Le bon journaliste est un empêcheur de juger en rond
Ce texte est le compte rendu d’une conférence donnée à l’Institut français de Port au Prince (Haïti) le 12 mars 2009 dans la cadre d’un colloque réunissant des magistrats, journalistes et policiers organisé par l’ONU portant sur les rapports entre média et justice lors des enquêtes pénales. Je viens d’en corriger le compte rendu. D’où cette contribution.
Port-au-Prince.
Qu’est ce qu’un bon journaliste ? C’est la question qui m’intéresse ici dans ce pays.
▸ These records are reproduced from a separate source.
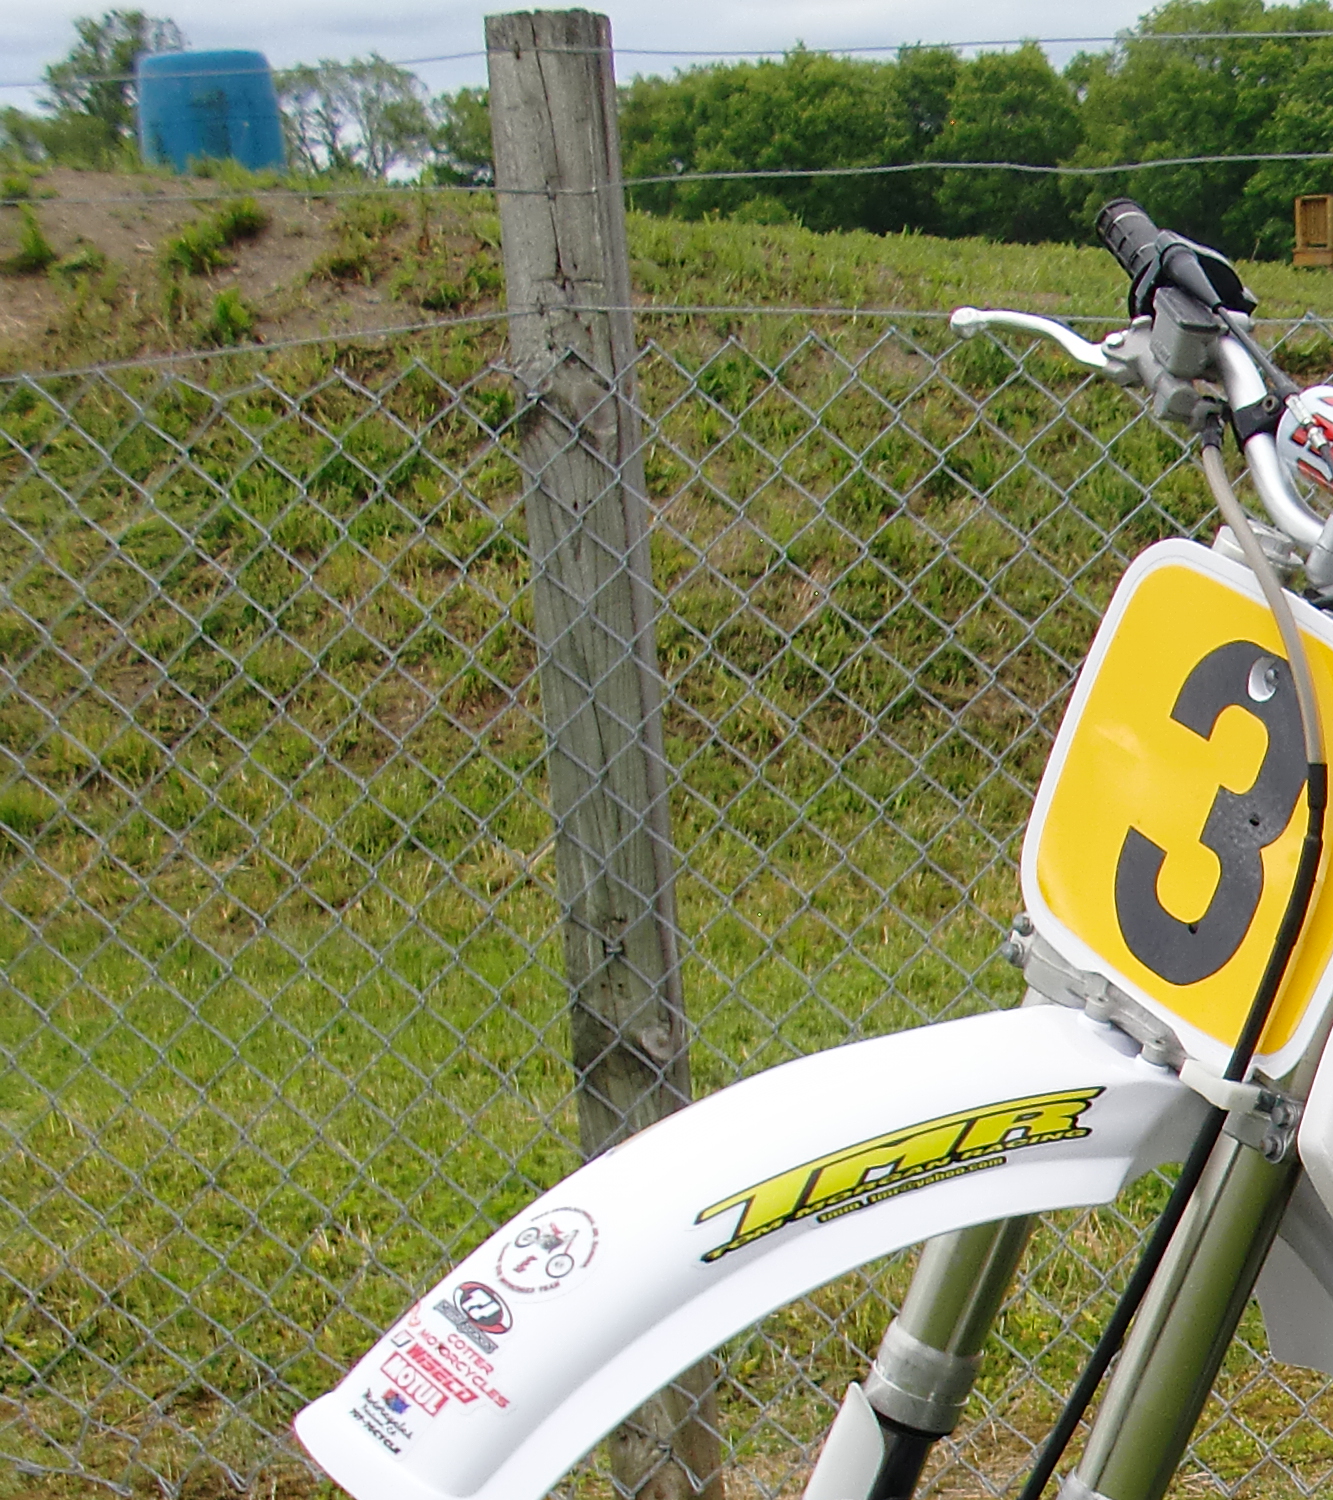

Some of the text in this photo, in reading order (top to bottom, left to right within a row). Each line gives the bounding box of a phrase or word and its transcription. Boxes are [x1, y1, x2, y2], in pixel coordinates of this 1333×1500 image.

[1115, 639, 1309, 986] 3
[694, 1086, 1106, 1235] TMR
[701, 1127, 1092, 1263] TOM MORGAN RACING
[384, 1354, 447, 1416] MOTUL
[448, 1333, 494, 1375] COTTER
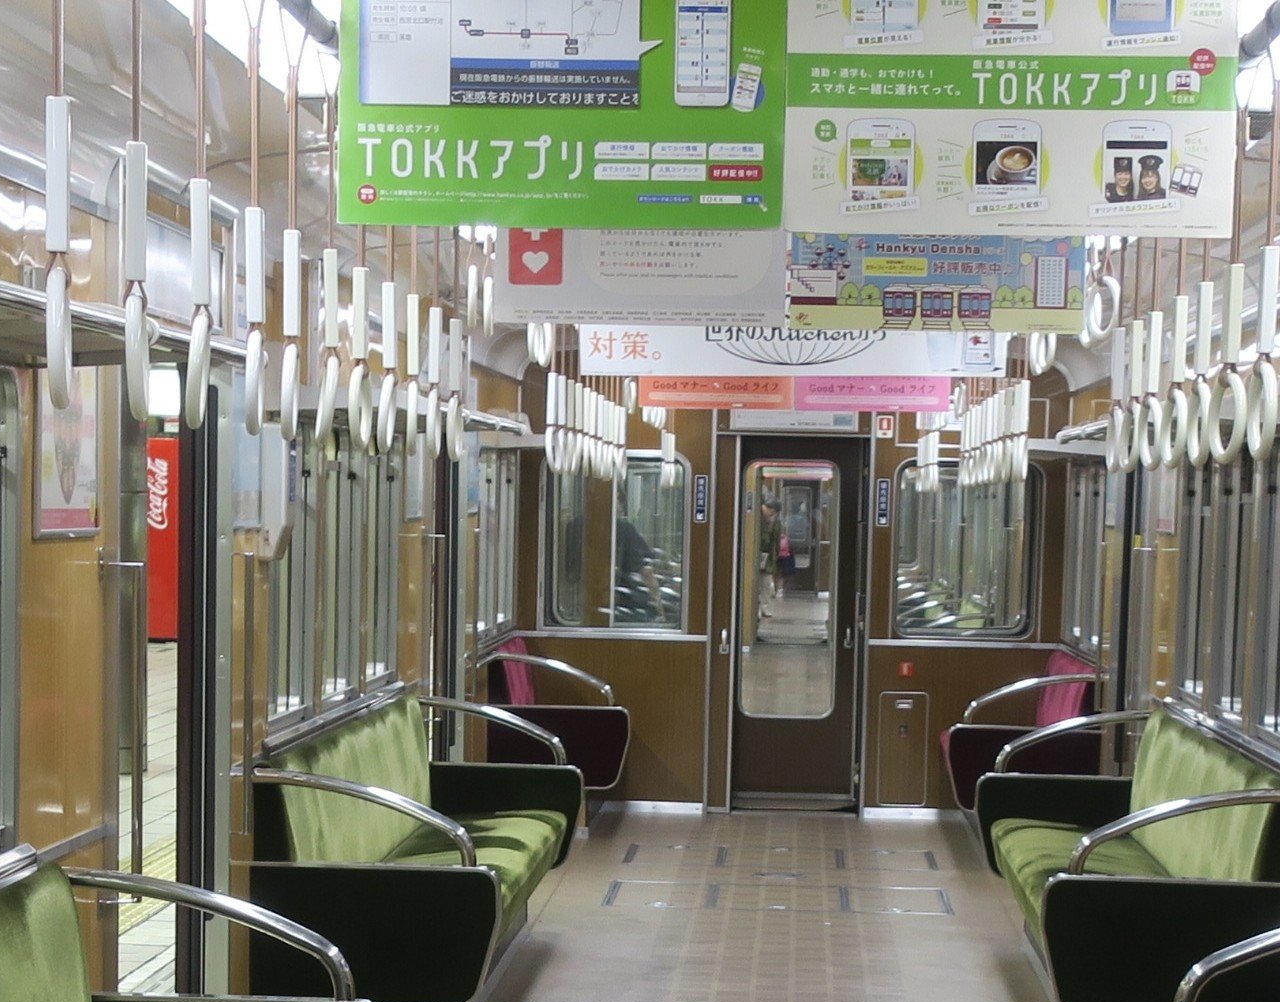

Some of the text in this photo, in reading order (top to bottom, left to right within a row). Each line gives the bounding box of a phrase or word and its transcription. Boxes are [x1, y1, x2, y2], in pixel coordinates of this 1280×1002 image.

[972, 60, 1040, 70] 阪急電車公式
[810, 82, 962, 96] スマホと一緒に連れてって。
[972, 69, 1157, 106] TOKKアプリ
[357, 122, 440, 134] 阪急電車公式アプリ
[357, 134, 584, 181] TOKKアプリ
[876, 243, 926, 255] Hankyu
[930, 242, 981, 254] Densha
[933, 260, 1001, 275] 好評販売中
[588, 331, 662, 361] 対策。
[652, 380, 678, 390] Good
[680, 381, 708, 390] マナー
[723, 382, 749, 392] Good
[808, 382, 835, 393] Good
[837, 383, 865, 393] マナー
[880, 384, 905, 394] Good
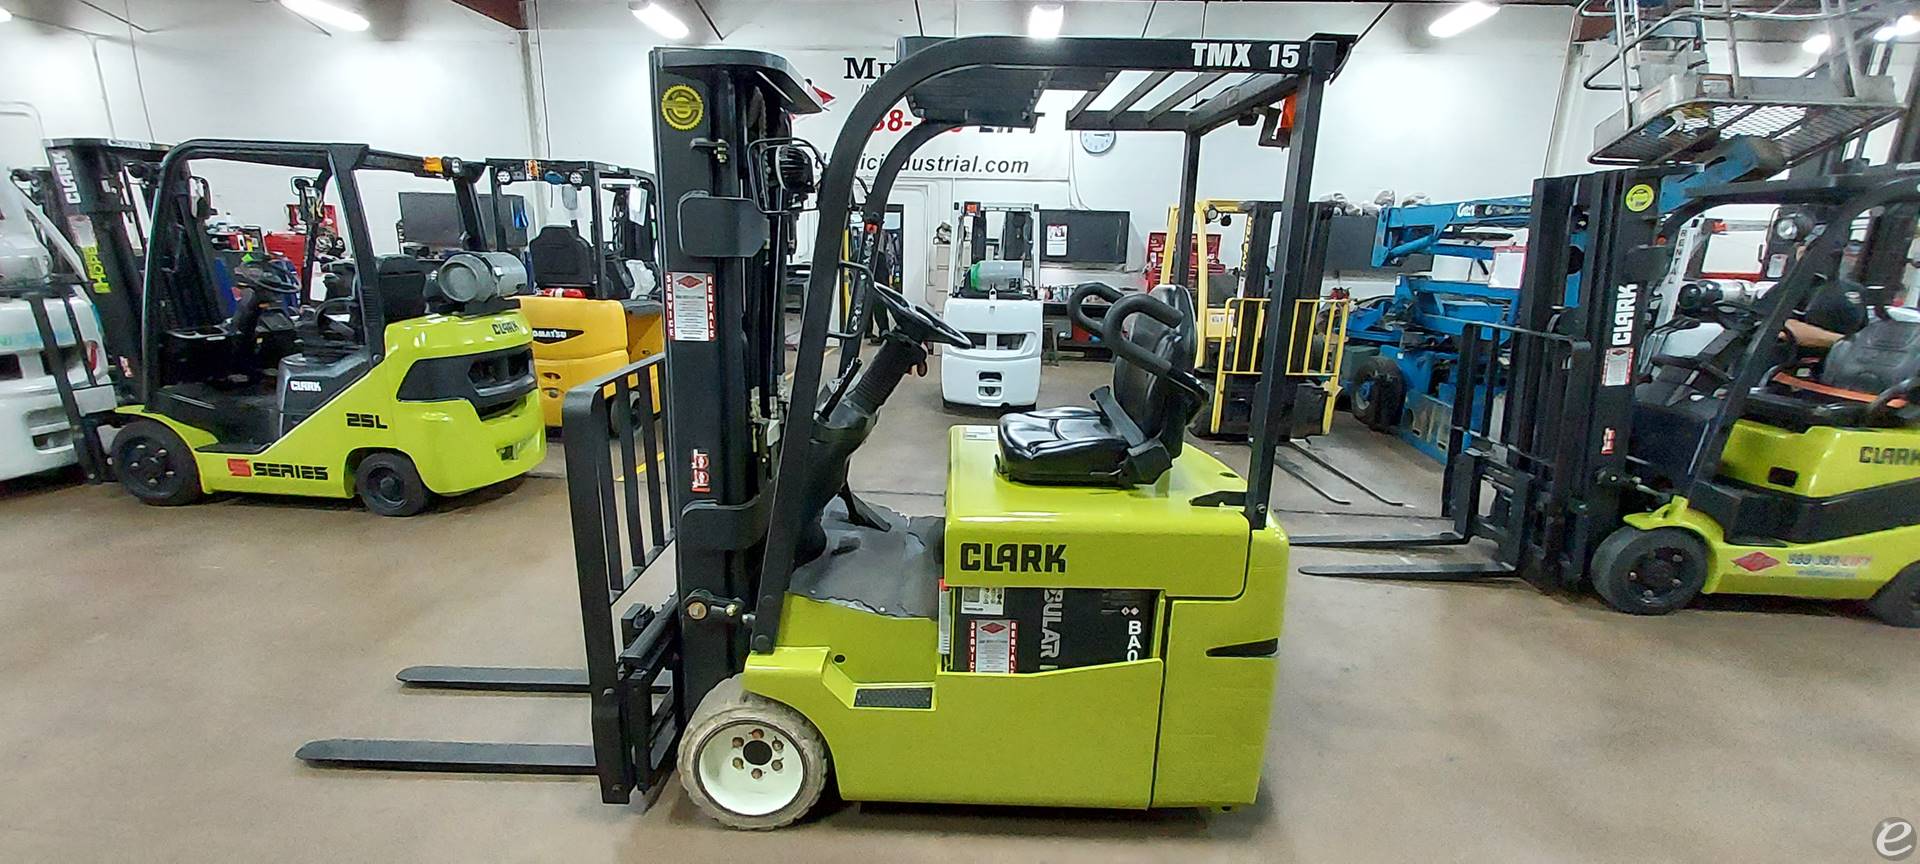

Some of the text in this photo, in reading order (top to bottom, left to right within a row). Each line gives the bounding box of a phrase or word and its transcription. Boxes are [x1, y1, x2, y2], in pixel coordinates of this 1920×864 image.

Le bon journaliste est-il celui qui fuit ? Celui qui reste et s’arrange avec les autorités étrangères ou haïtiennes ? Celui qui harangue ? Celui qui résiste ? Celui qui diffame ? Qu’est ce que résister ici dans ce pays de pirates ? Si j’étais en France, j’aurais des réponses aisées à chacune de ces questions. Mais je suis en pleine Caraïbe. A Port au Prince. Cette ville qui fut belle dans cette île qui fut belle. Ce pays chargé d’un passé si lourd, si mouvementé qu’aucune question ne semble trouver de réponses tant elle en amène une autre et encore une autre et encore une autre.
Un bon journaliste pose des questions. Certes. Il attend aussi des réponses. Un bon journaliste pose d’abord des questions gênantes. Et doit s’accrocher pour trouver les réponses.
En voici une. Pourquoi y a-t-il autant de grosses 4/4 en Haïti qui dépensent tant d’essence sur des routes si défoncées dans un pays si pauvre ? Qui en amène une autre : pourquoi trouve-t-on toujours de l’essence pour les 4/4 et pas d’argent pour les écoles des petits enfants de Port aux Princes ? Et où iront ces rares enfants scolarisés qu’on voit sagement marcher en rang dans leurs beaux costumes sur les trottoirs défoncés de Port au Prince ?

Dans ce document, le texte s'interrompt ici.